Disclosure of Invention
The invention provides a method for automatically marking a data structure label on a code. The method comprises the steps of converting codes into an abstract syntax tree by using a lexical analyzer and a syntax analyzer, then embedding words into each word, sequentially coding each node from bottom to top by using methods such as a residual block and an attention mechanism and the like on the tree, finally obtaining codes of a root node, wherein the codes comprise syntax and semantic expressions of all sub nodes and semantic expressions of self nodes, and finally classifying by using the expressions of the root node.
The invention relates to a method for automatically labeling a data structure on a code, which comprises the following steps:
step 1: code for a number of annotated data structures is collected from web pages using crawler technology.
Step 2: because different codes have different grammars, different lexical analyzers are required to be used for different languages, the lexical analyzers are used for replacing variables of different types in the codes with corresponding words, and the lexical analyzers replace numbers such as 1, 1.1 and the like with Num; the lexical analyzer replaces all variable names with names; all the character strings of the lexical analyzer are replaced by Str, wherein the lexical analyzer does not replace the keywords corresponding to the language.
And step 3: and (4) corresponding parsers are used for different languages, and the parsers are used for converting the codes after lexical analysis into abstract syntax trees.
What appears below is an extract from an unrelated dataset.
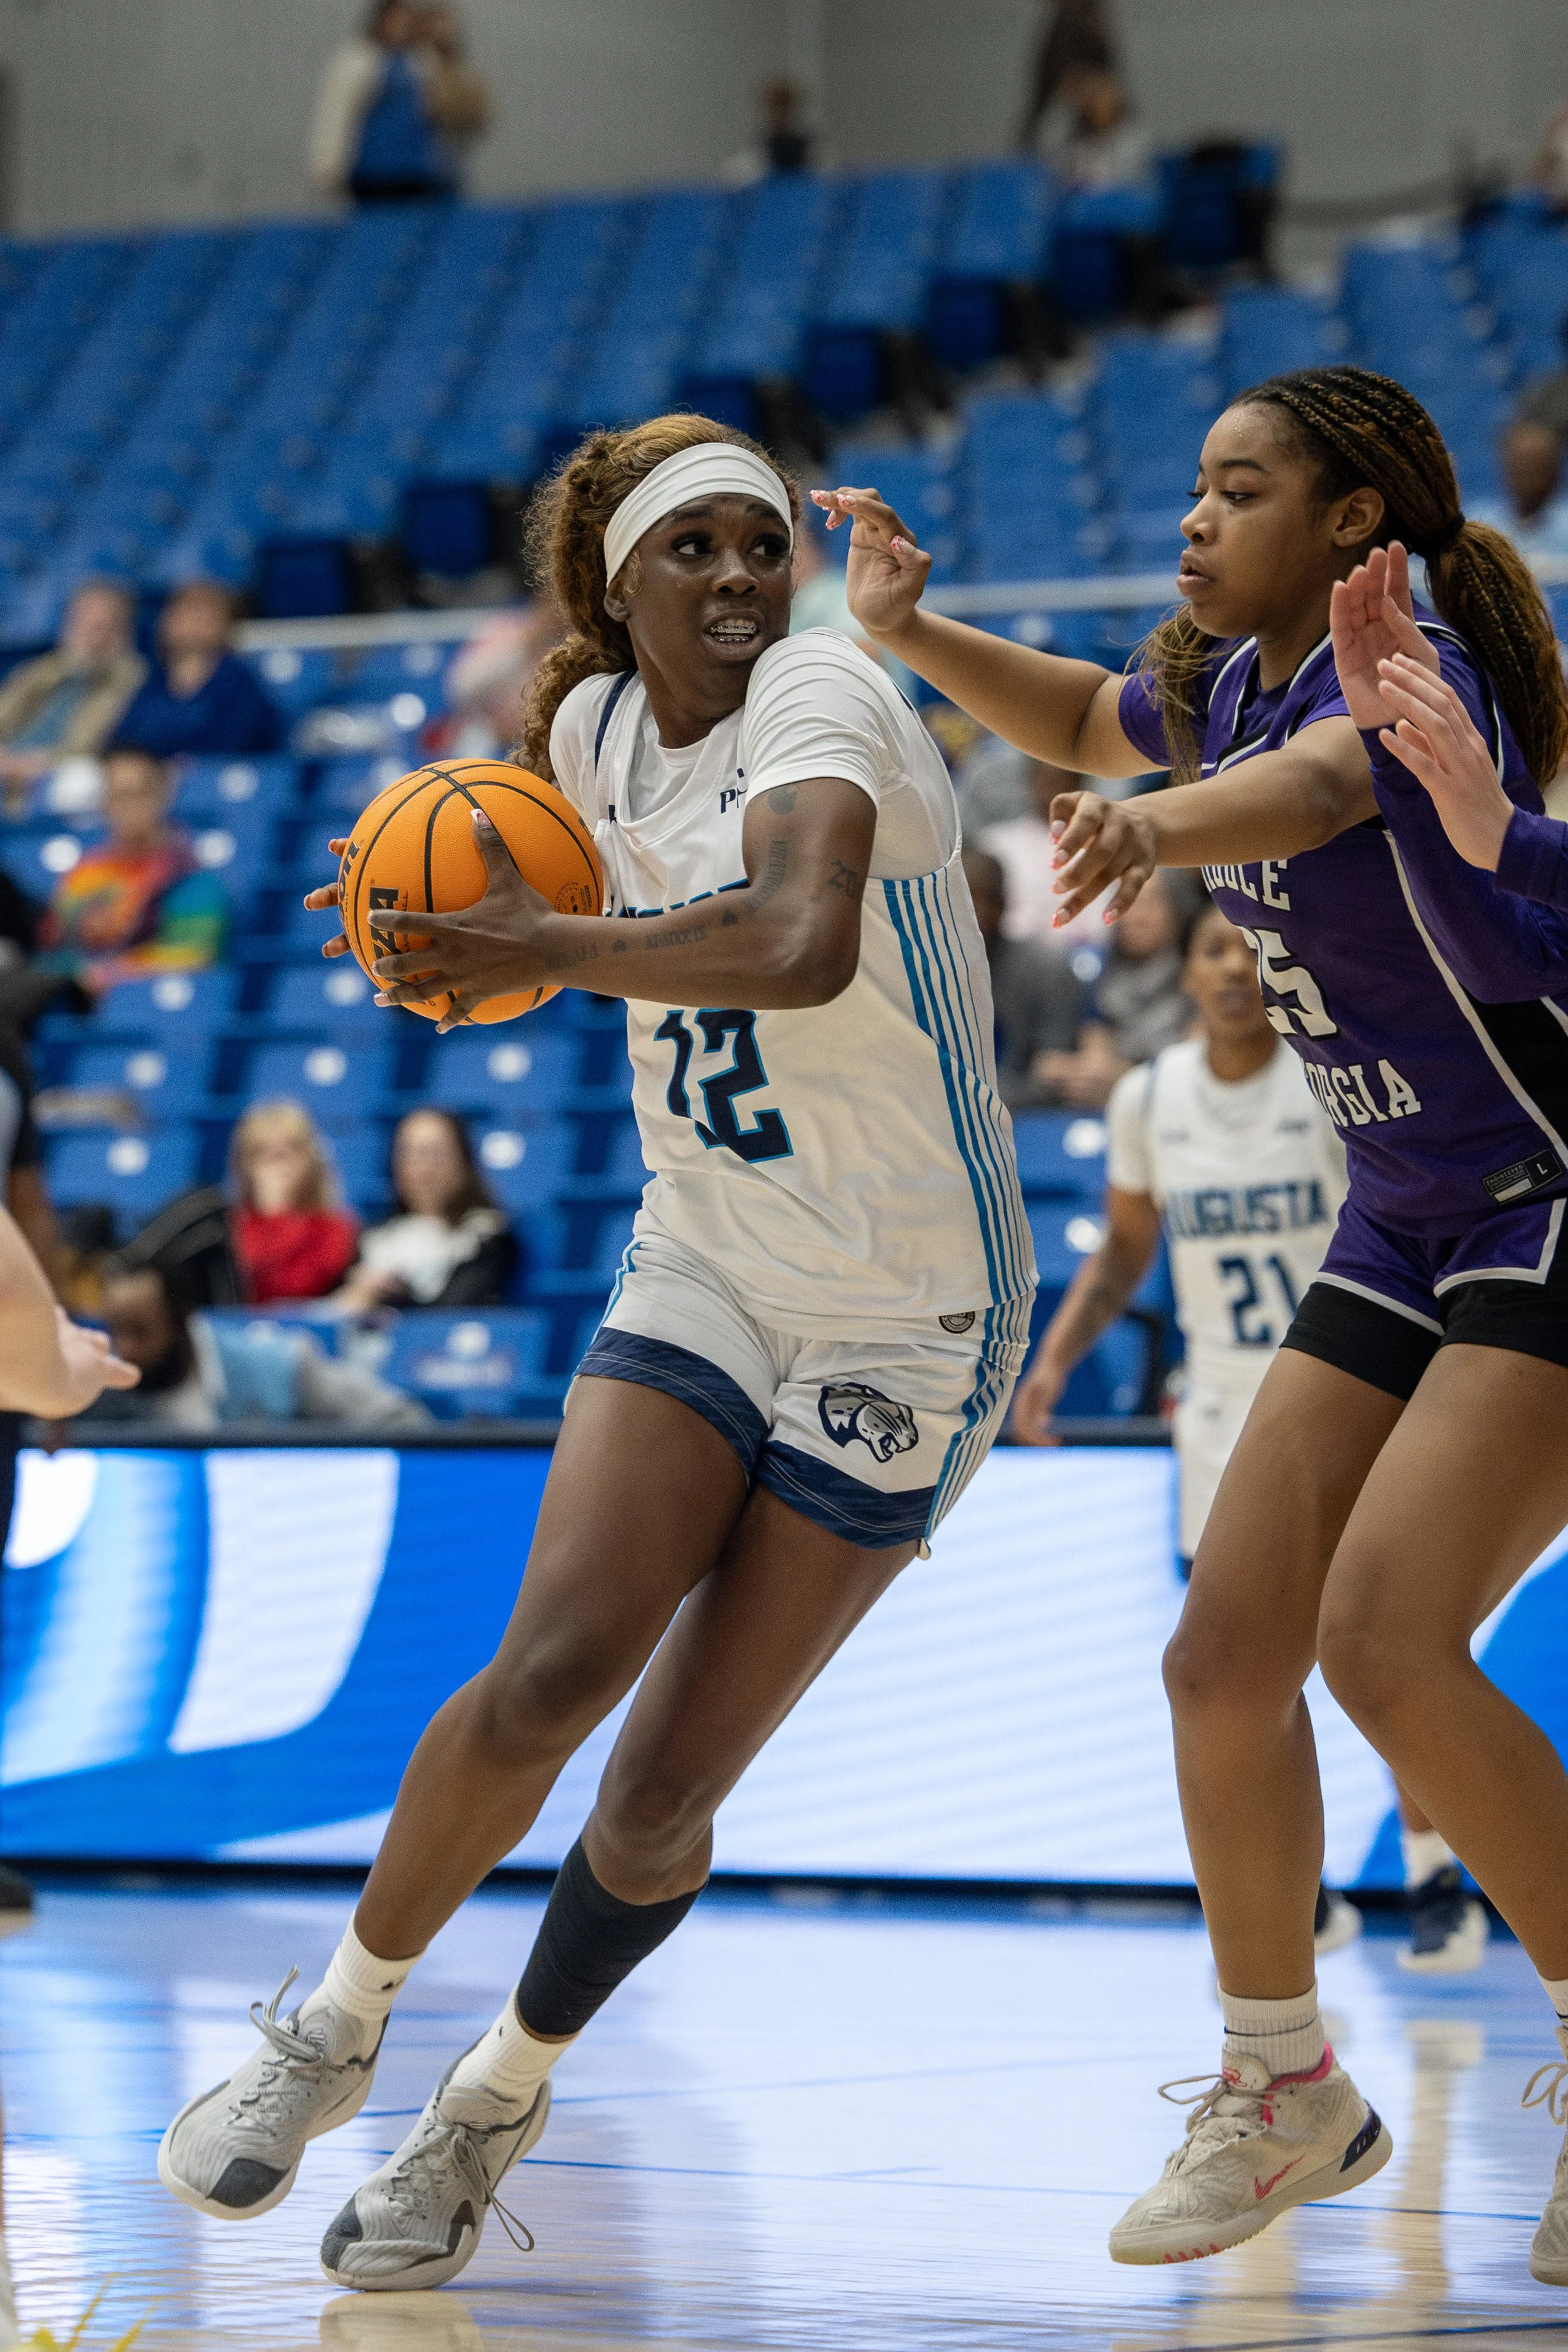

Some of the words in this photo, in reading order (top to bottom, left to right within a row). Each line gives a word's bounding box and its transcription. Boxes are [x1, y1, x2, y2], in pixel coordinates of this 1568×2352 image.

And 4, step 4: and performing word embedding on words generated after lexical analysis and syntactic analysis, and performing word embedding on words such as Num, Name, root node Module, assignment operation Assign and the like.
And 5: and carrying out nonlinear transformation on the embedded codes of each node by using the same residual block Reb to obtain new semantic codes.
e′=Rebq(e)=LN(W2·ReLU(W1·e)+e)
Where e is the embedded code corresponding to the current node, e ∈ Rembedding_sizeEmbedding size is the dimension, W, of each node embedding1∈Rd_i×embedding_size,W2∈Rembedding_size×d_iD _ i is a hyper-parameter, ReLU is a ReLU activation function, LN is a hierarchical normalization, and Reb is a residual block.
Step 6: non-leaf nodes are encoded on the tree from bottom to top, and the semantic expression of all sub-nodes under the current node which is most relevant to the current node is calculated by using an attention mechanism.
Vc=A·HT
A=softmax(score(Q,H))
Wherein Q is a matrix formed by superposing vectors of n same current nodes transformed by a residual block, H is a matrix formed by superposing vectors of n sub-nodes under the current nodes transformed by the residual block, the score function is used for calculating the similarity between the expression of the current node and the expression of each sub-node, the higher the similarity is,the higher the probability after softmax, the higher the score function can calculate the similarity between the current node and the sub-nodes in three ways, VcIs an expression of attention.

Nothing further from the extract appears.